Proibir a IA não é governança, é empurrar o risco pra frente
Proibir a IA parece o caminho seguro pra proteger o dado, e costuma ter o efeito contrário. Entenda por quê.
segunda-feira, 3 de agosto de 2026
Atualizado em 31 de julho de 2026 17:14
Proibir a IA não é governança, é empurrar o risco pra frente
"Aqui a gente proibiu a IA." Escuto essa frase em call como se fosse uma política de segurança. A intenção é boa e vem de um medo legítimo: o dado sensível vazar, o contrato confidencial ir parar num modelo público, a empresa perder o controle sobre a própria informação. Num jurídico, esse medo tem nome técnico: é risco de LGPD, é dever de sigilo, é responsabilidade. Ninguém quer ser o departamento que deixou o dado do cliente escapar.
Proibir empurra o uso para a sombra
O problema é o remédio. Proibir não faz o uso desaparecer. Só tira ele do controle da empresa. A pessoa continua com o prazo apertado e a cláusula difícil. Aí ela abre o navegador do celular, cola o trecho do contrato numa ferramenta pública gratuita e resolve em dois minutos. Sem registro, sem critério, sem ninguém sabendo. A empresa "proibiu", mas o contrato acabou de sair pela porta dos fundos. Foi exatamente aí que o dado vazou, não apesar da proibição, mas por causa dela.
Esse uso escondido, por baixo do radar da empresa, cresce justamente onde a regra é "não pode". A necessidade não some. Só deixa de ser vista.
Não é que falte governança. A maior parte dos jurídicos já tem estrutura de risco montada, o problema é específico da IA. Um estudo da Deloitte deste ano mostra que só 24% têm um processo definido para checar a qualidade do que a IA entrega, a maior lacuna que resta.
A régua do "pode ou não pode" existe. A do "como usar com segurança e conferir o resultado" é que não acompanhou a capacidade. E essa defasagem custa caro: quanto mais a IA avança para fluxos complexos e agentes que agem sozinhos, maior o erro que passa sem ninguém pegar.
Governar é o oposto de proibir
Governança de verdade não é uma placa de "proibido". É um caminho seguro. E dá pra descrever esse caminho em termos concretos, que qualquer encarregado de dados reconhece. O modelo roda em ambiente privado e isolado, não numa ferramenta pública aberta. O dado da empresa não é usado para treinar modelo de terceiro. Cada uso deixa registro de quem viu e quem decidiu.

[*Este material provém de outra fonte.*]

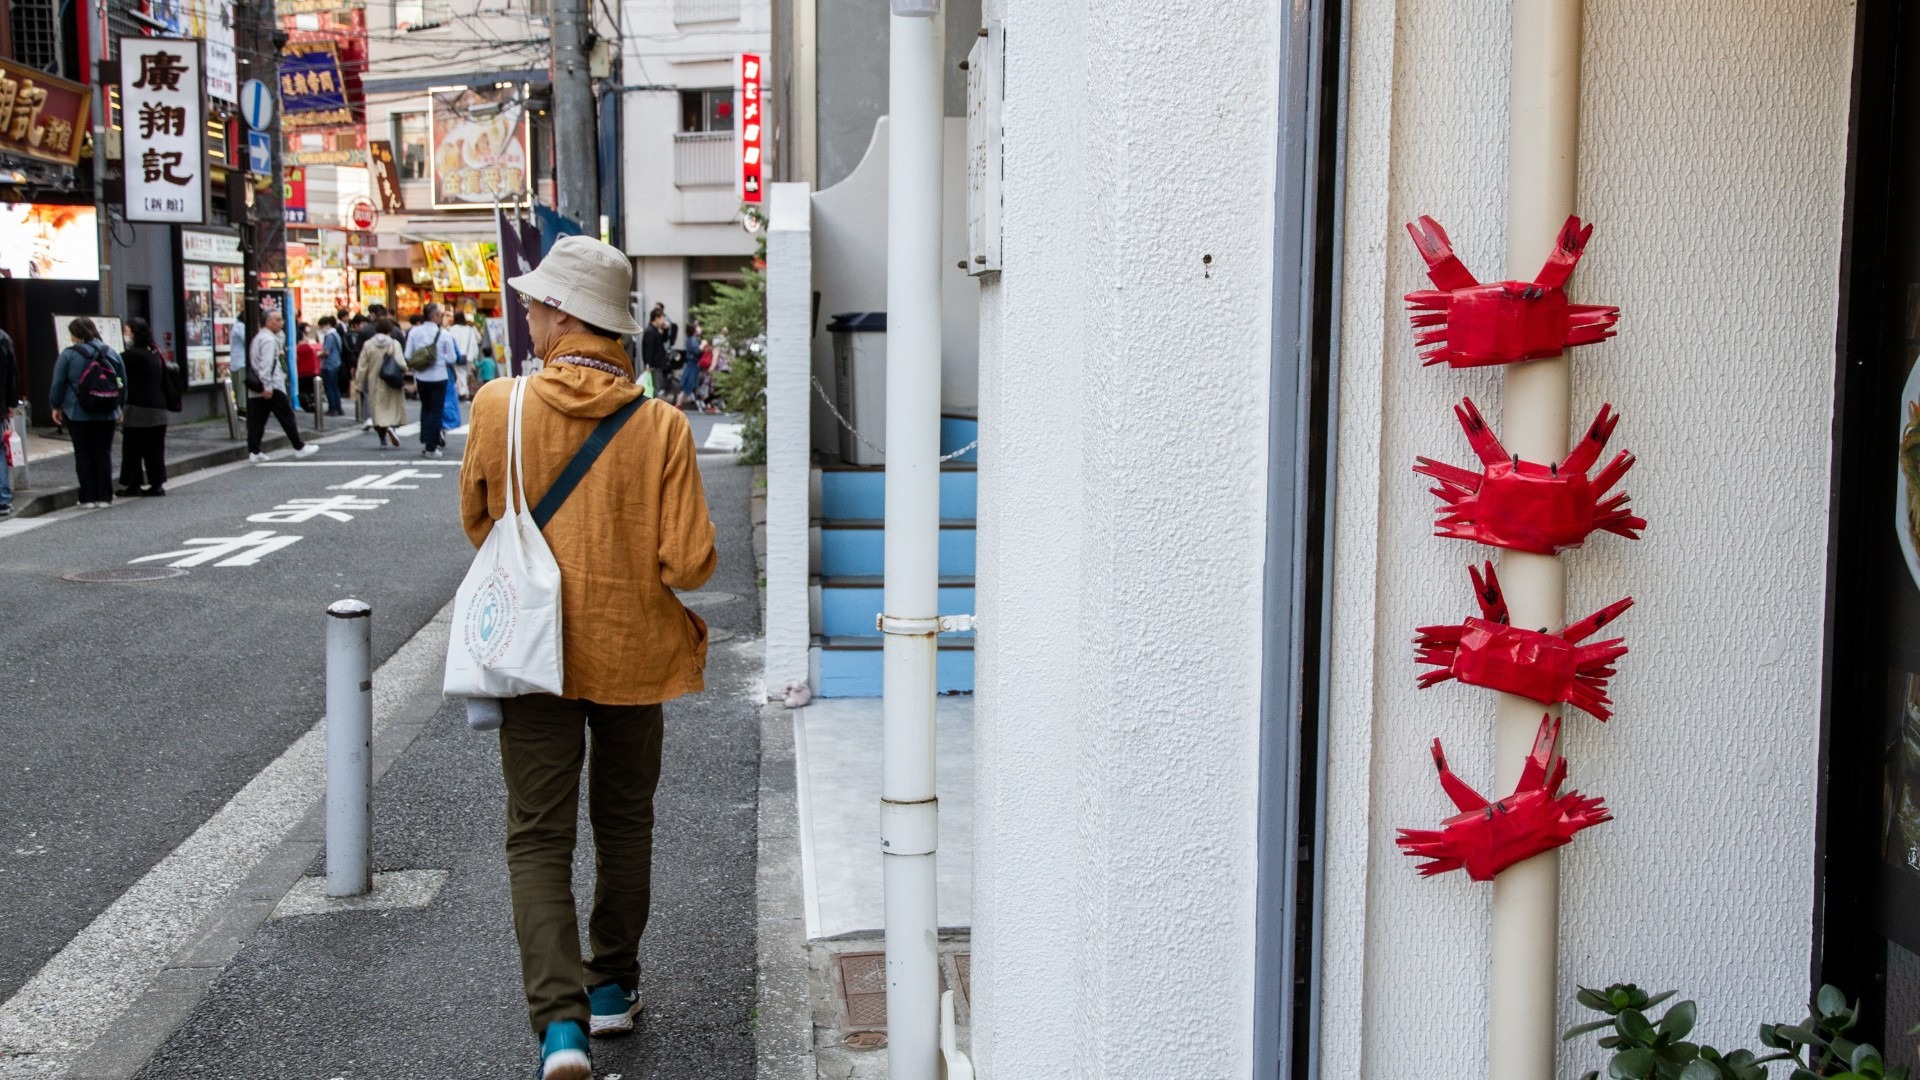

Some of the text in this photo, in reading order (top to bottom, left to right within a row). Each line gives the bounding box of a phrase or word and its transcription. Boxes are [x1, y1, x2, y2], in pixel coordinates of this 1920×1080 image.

E a decisão final é sempre de uma pessoa, não da máquina.
Repare que isso é o oposto de proibir. Proibir nega o problema e empurra o uso para fora do radar. Governar dá uma saída, uma em que o benefício da IA chega sem que o dado saia de casa.
O que a LGPD realmente pede
Do ponto de vista de LGPD, a diferença é enorme. Colar contrato em ferramenta pública é transferência de dado sem base legal, sem contrato de tratamento, sem saber onde aquilo fica armazenado. Usar um copiloto privado, contratado, com cláusula de não-treinamento e trilha de auditoria, é tratamento com governança. O primeiro é o pesadelo do encarregado. O segundo é o trabalho dele bem feito.
A objeção que mais aparece nas nossas conversas é sempre a mesma: "meu dado vai vazar? Vai treinar o modelo de vocês?". É a pergunta certa, e o jurídico que a faz está fazendo o próprio trabalho. Não é a IA que assume o risco no lugar da pessoa. É a pessoa que passa a decidir com mais informação e menos trabalho braçal.
Proibir IA parece prudência, mas é adiamento. Empurra o risco pra frente e tira do jurídico a chance de moldar como a tecnologia entra na casa. Quem governa decide as regras. Quem proíbe só decide não olhar, enquanto a equipe usa assim mesmo, do lado de fora do radar.
O jurídico existe justamente pra transformar risco em regra clara. Com IA, o trabalho é o mesmo de sempre. Só que o assunto agora é novo, e ignorá-lo não é uma opção de governança. É só uma forma mais lenta de correr o mesmo risco.
Henrique Flôres
Cofundador da Contraktor. Formado em Direito e Sistemas para Internet, especialista em Administração e com MBA em Gestão Estratégica, IA e Marketing.